#### WORK REQUEST:
Print the entries below again exactly as they stand, but skip any picture.

#### DATA TO PROCESS:
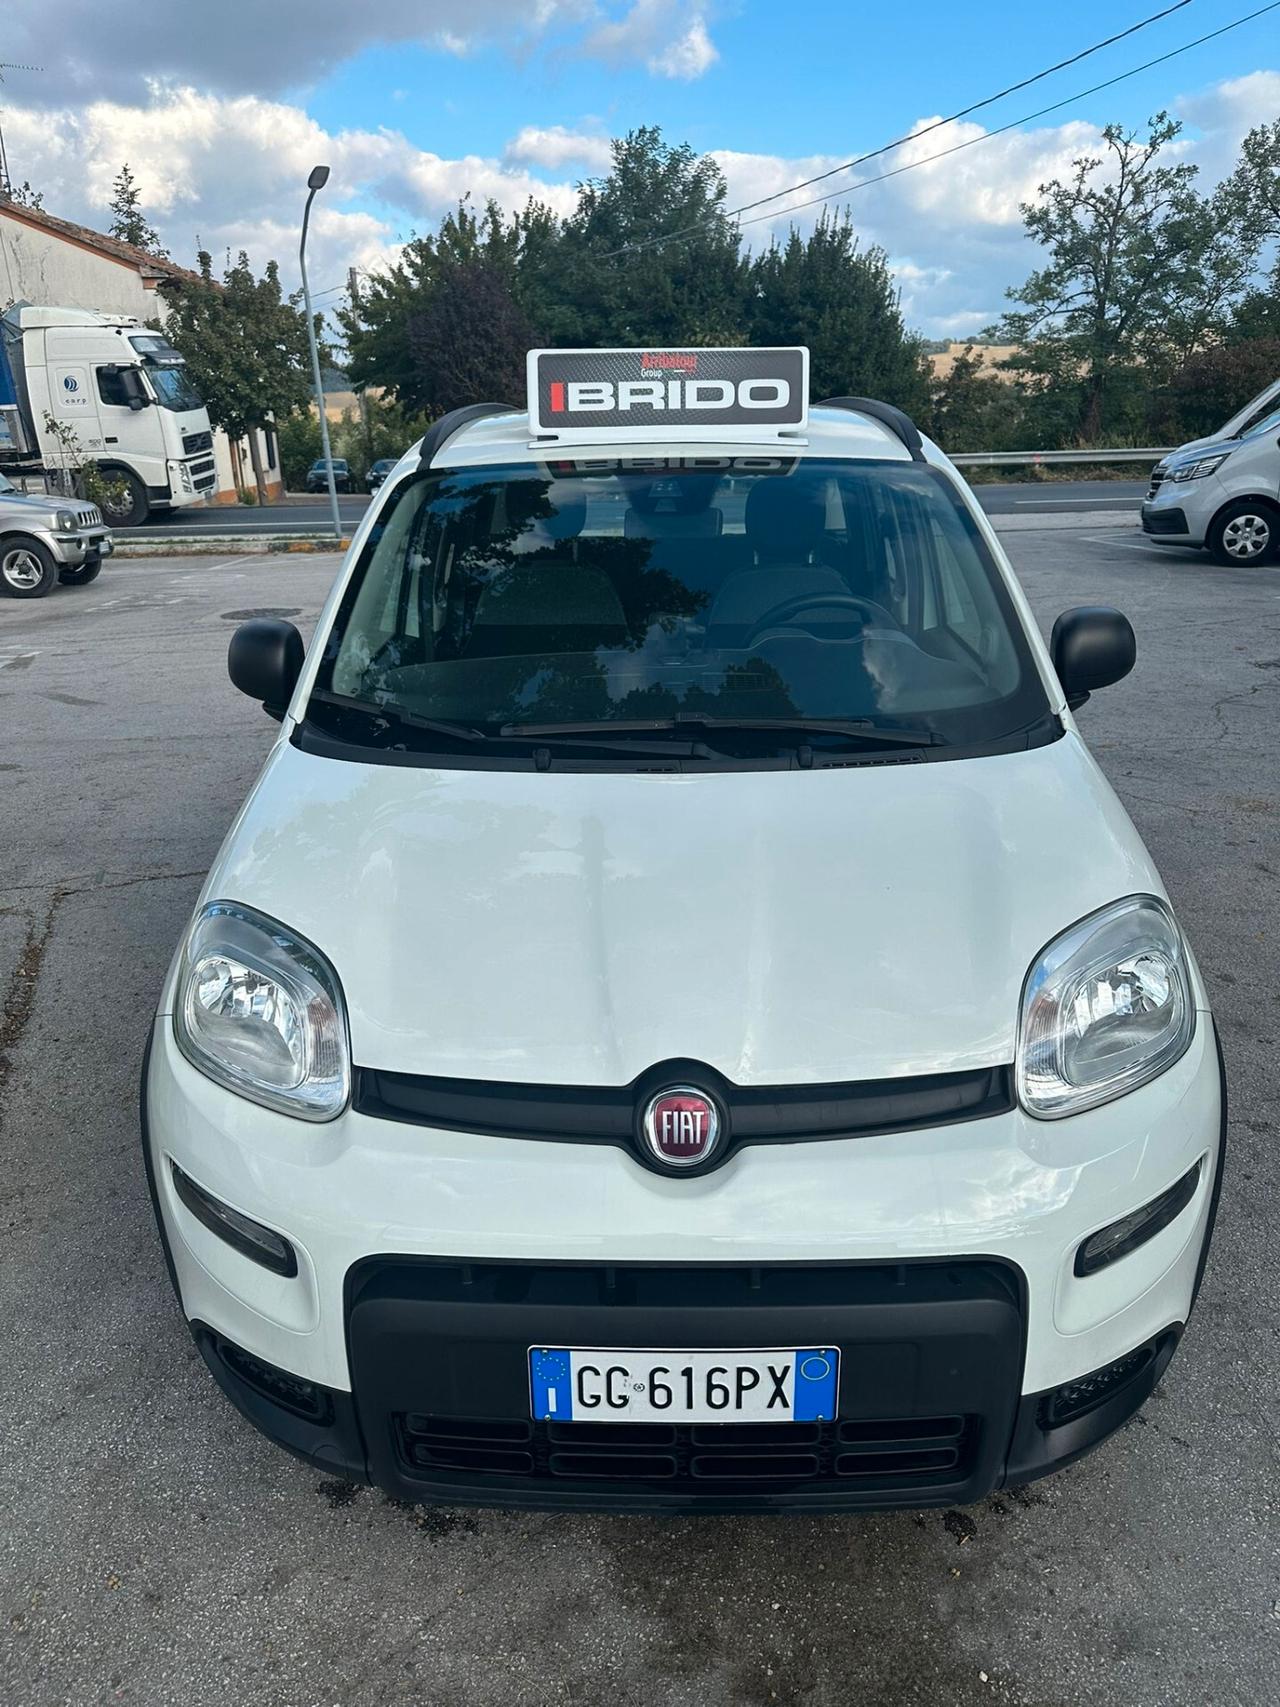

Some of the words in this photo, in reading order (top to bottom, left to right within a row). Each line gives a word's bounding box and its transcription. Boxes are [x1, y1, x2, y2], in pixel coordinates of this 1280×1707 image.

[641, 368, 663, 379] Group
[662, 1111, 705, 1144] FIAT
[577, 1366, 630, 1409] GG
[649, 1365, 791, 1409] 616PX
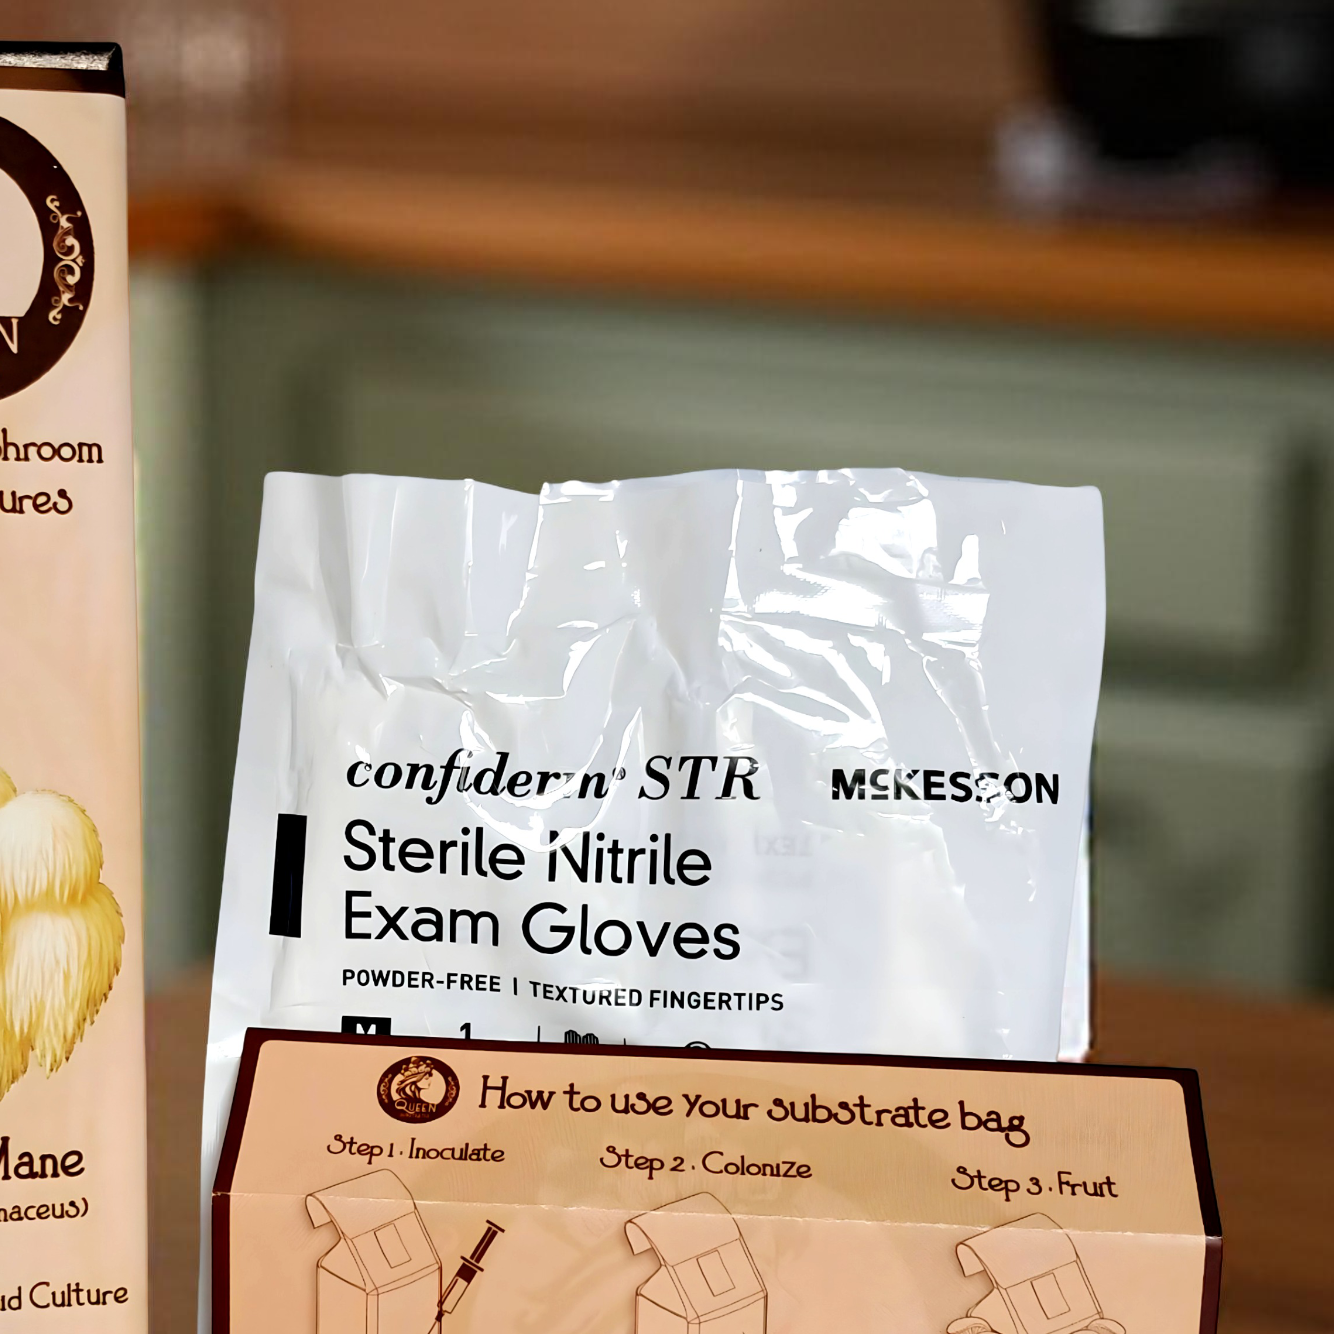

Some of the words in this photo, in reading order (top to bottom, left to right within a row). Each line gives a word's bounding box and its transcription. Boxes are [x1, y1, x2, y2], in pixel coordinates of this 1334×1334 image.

#### WRITTEN SOLUTION:
Some of the words in this photo, in reading order (top to bottom, left to right within a row). Each line gives a word's bounding box and its transcription. Boxes are [x1, y1, x2, y2], in pixel coordinates of this 1280×1707 image.

[641, 368, 663, 379] Group
[662, 1111, 705, 1144] FIAT
[577, 1366, 630, 1409] GG
[649, 1365, 791, 1409] 616PX

Some of the words in this photo, in reading order (top to bottom, left to right within a row). Each line gives a word's bounding box and its transcription. Boxes are [x1, y1, x2, y2], in pixel coordinates of this 1334×1334 image.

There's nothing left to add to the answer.